More than this however, I realise now I have a difficult time maintaining friendships. I love giving advice; I worked in the Citizens Advice Bureau and now I teach. (Which some might sound strange but I feel it's imperative for people like me to be in schools because I know that I make a difference because I know how the judgemental authoritarian manner of some teachers makes young people feel and perform). However, I am also hyperaware that un-looked for advice is fairly oppressive. Since friendship often entails advice giving I often find myself thinking; Well, this person probably doesn't want to hear from me on this. Which means that if the other person is also for one reason or another unwilling to initiate conversation we tend to drift sadly even if they might be people I miss deeply. The direct upshot of this is that the friends I have manage to attain the status of almost family, and whilst I have under 30 'friends' on Facebook, they are all people I would drive to the other end of the country to help if they needed me to.

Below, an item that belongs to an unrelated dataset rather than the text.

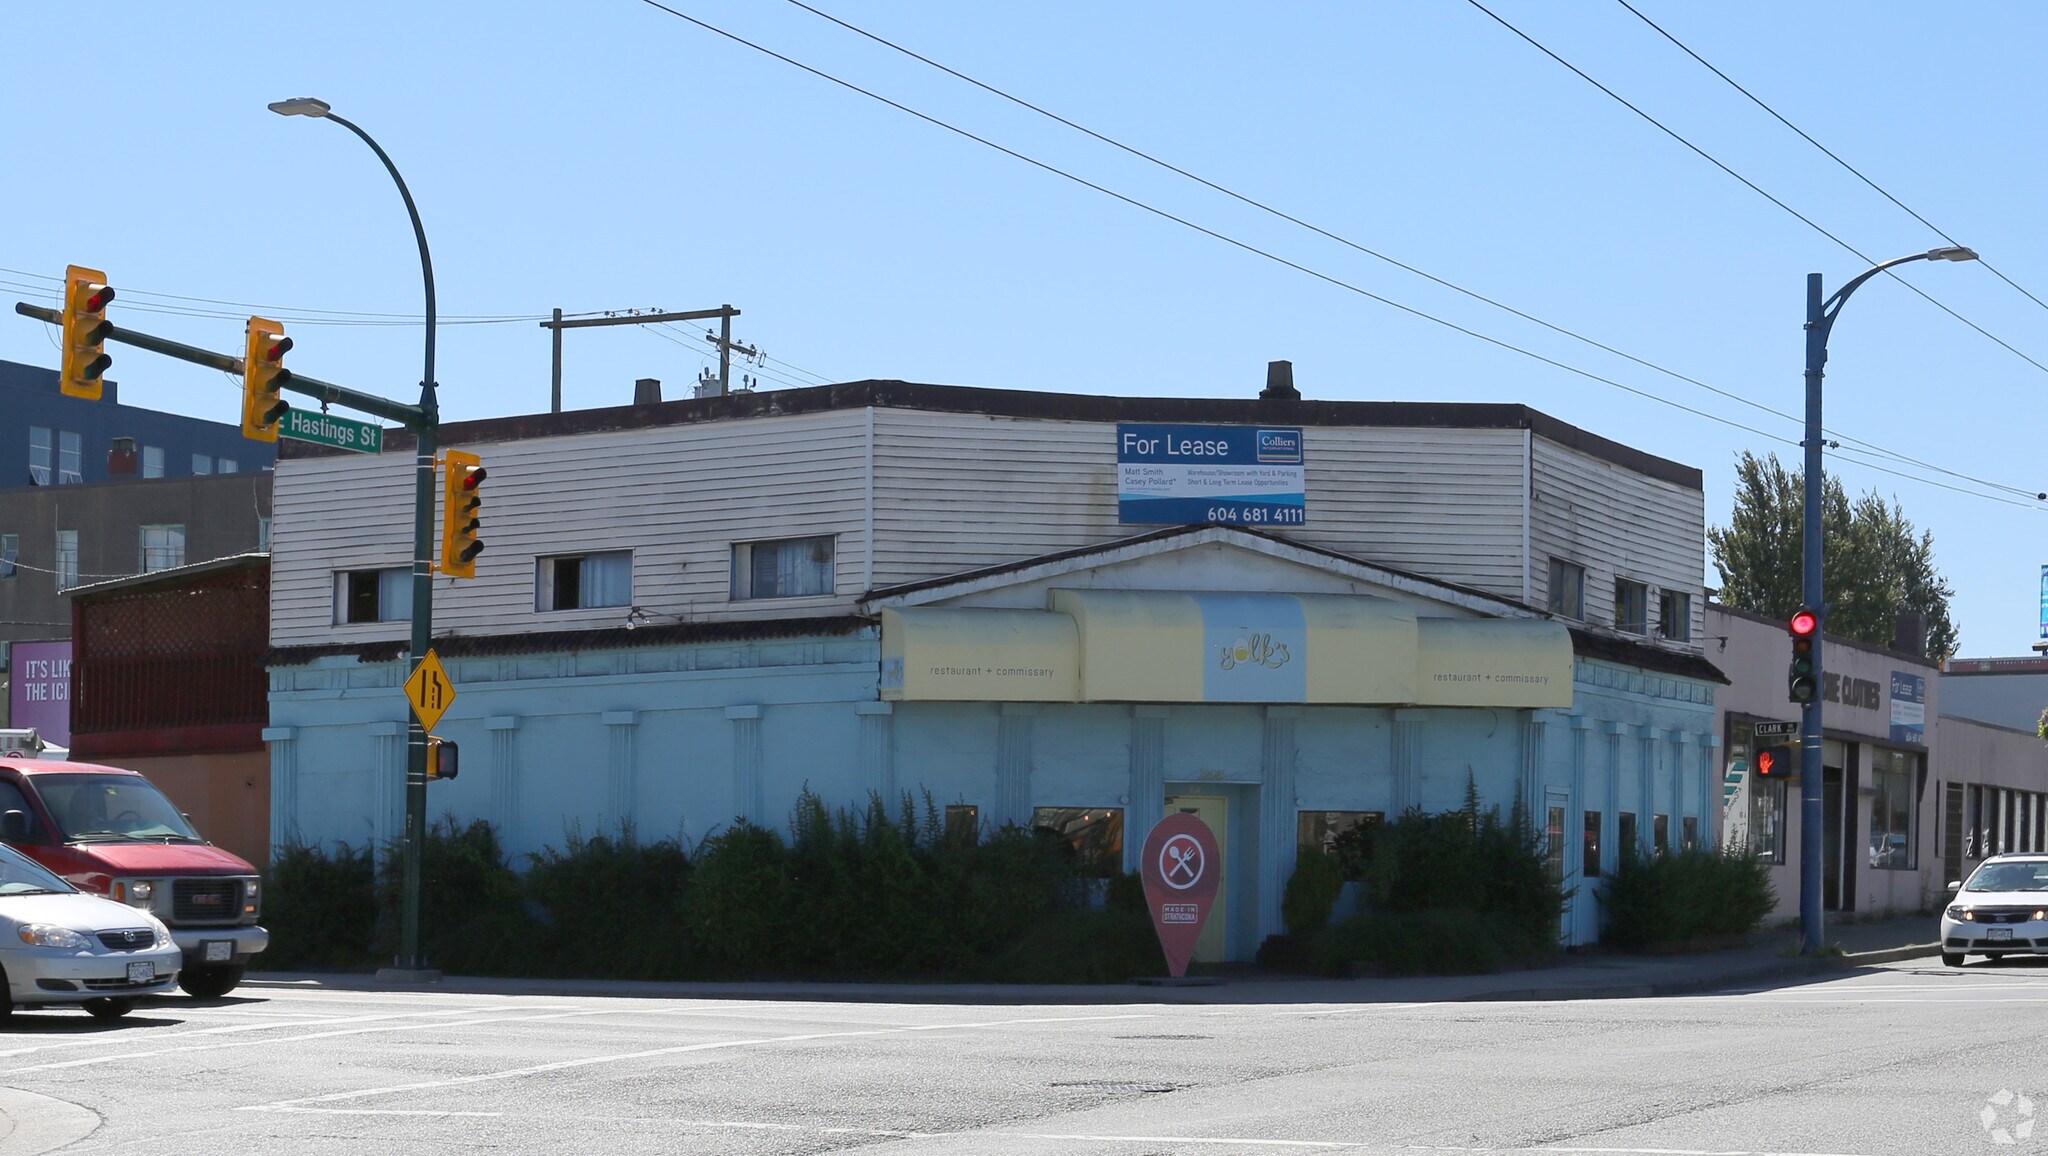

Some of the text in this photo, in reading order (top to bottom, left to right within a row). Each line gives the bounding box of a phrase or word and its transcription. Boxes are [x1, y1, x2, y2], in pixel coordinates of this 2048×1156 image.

The point, in case you are wondering, of this deeply self indulgent preamble is to try and explain that when I express ideas about how people should be treated these beliefs are not just things I have come up with out of thin air or that I think in a sort of academic way would be best, they are things I have internalised based on my life experience. I consider myself a liberal. That term has sort of run away from me and been hijacked by the leftist progressive movement so for the avoidance of confusion I tend to adopt the label 'classical liberal' or 'libertarian'.

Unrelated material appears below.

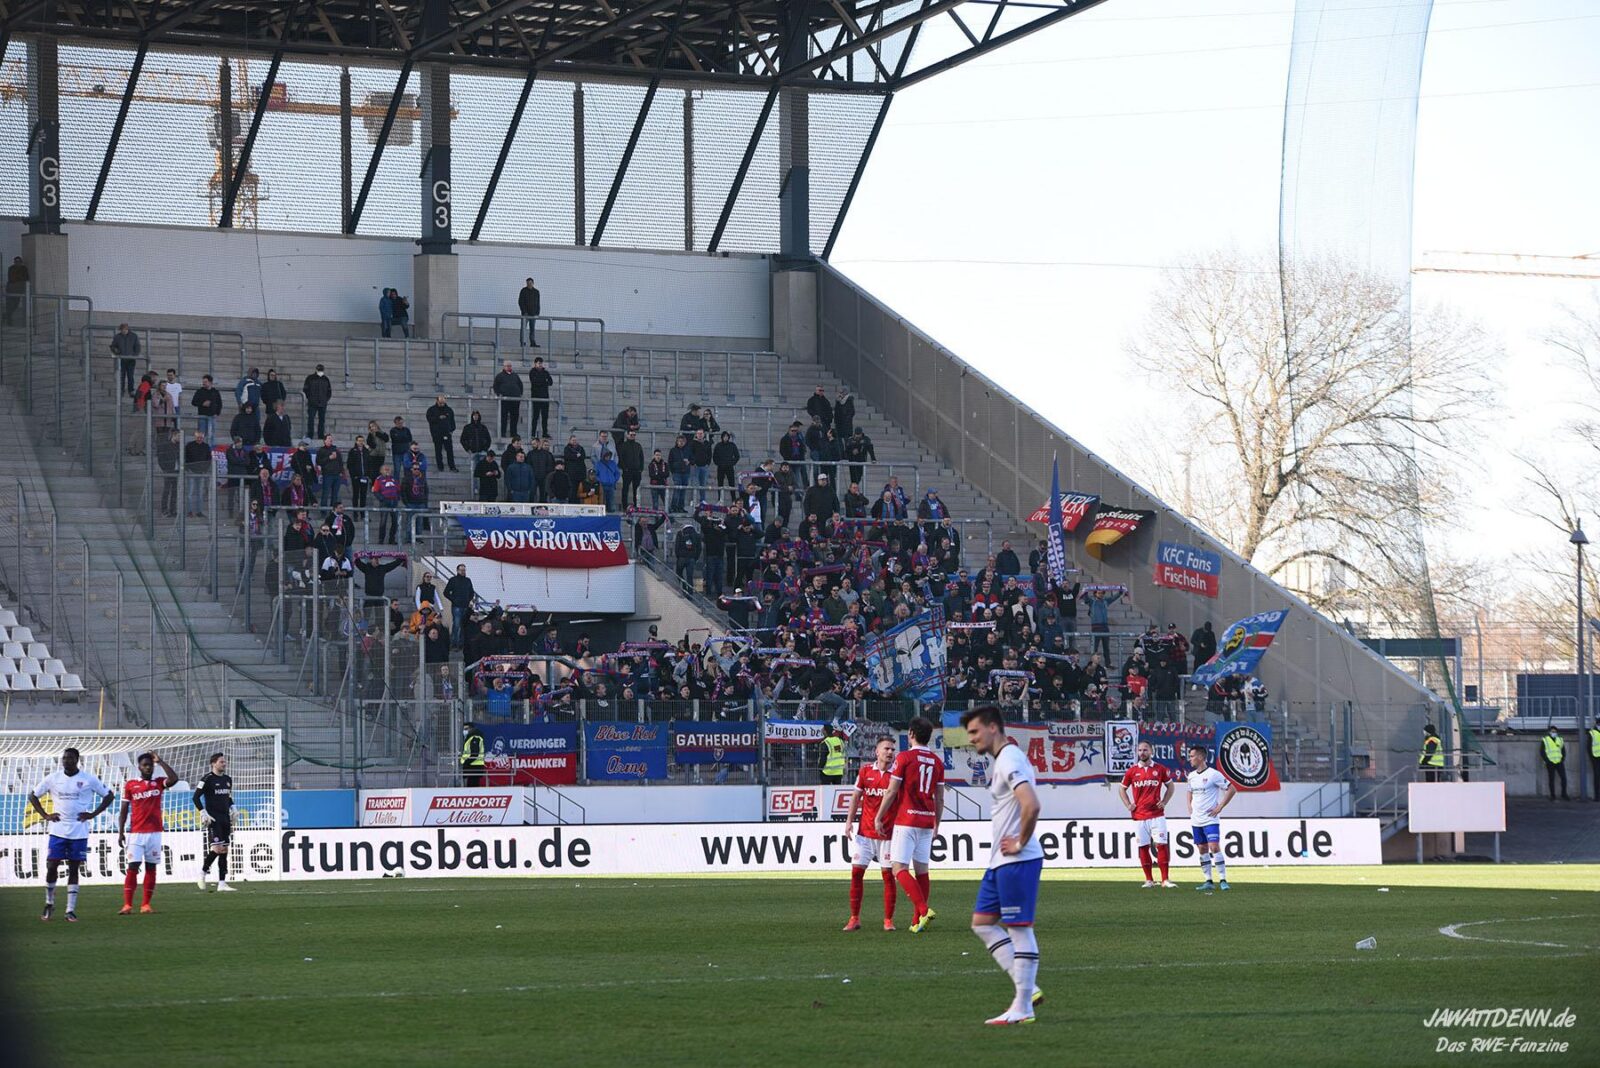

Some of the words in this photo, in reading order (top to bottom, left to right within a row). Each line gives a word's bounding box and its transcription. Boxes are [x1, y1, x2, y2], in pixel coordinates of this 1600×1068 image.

To me, these terms are simple. Unless someone is hurting someone else (and I mean physically biting, kicking, punching) or stealing or breaking their stuff then you don't get to tell them the thing they are doing is wrong. You don't get to tell them off for what they might smoke, snort or inject, what they might do with there genitals and with whom. You don't get to harass them for the words they say or they way they make you feel. They live their lives, you live yours. Obviously there are some nuances and exceptions to be made but these are few and far between. It's a simple creed. I'm not sure why it has become so contentious.

Evidently it has.

On the one hand you have the conservatives, the moralising Christian democrats seem to be back in the wheelhouse. Ready to judge people for smoking, drinking, being gay, being unemployed, being foreign. I'd hoped these asshats had been driven out but apparently not.

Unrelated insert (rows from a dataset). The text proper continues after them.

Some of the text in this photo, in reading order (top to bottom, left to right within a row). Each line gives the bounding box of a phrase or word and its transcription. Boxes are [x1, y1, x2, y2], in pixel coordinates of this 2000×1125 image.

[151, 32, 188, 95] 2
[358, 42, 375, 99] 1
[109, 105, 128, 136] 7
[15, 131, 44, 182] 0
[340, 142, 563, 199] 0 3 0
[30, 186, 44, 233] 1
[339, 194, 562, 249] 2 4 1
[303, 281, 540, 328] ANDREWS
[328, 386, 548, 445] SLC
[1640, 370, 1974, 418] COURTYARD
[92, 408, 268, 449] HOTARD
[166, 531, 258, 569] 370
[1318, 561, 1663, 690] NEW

On the other side of the fence we have progressives ready to judge people for eating meat, having money, dressing up in Halloween costumes, wearing offensive shirts, not conforming with their cultural lexicon and enjoying media that is not 'approved of'.

Conservatives and progressives like to set themselves up as the two sides of an almighty struggle for the very soul of mankind and on one worldview, on one axis, you can see how they are opposed. However, both are seeking to enforce an external morality; both are the opponents of what I call liberalism.

What really gets me though, is when you see progressive and conservative authoritarianism coalesce. When you see the Conservative Prime Minster get a steely glint in her eye and talk about the police locking people up for 'hate speech'. Oh dear. So now the conservatives are going to use progressive thought as a method of criminalising unwanted views.

How exciting. I for one can't wait until they have the technology to match up online comments to names and faces. Those will be exciting times. Trouble is, if the police are going around rounding up trolls and 'abusers' who's going to be left to round up the actual biting/kicking/punching/thieving crowd.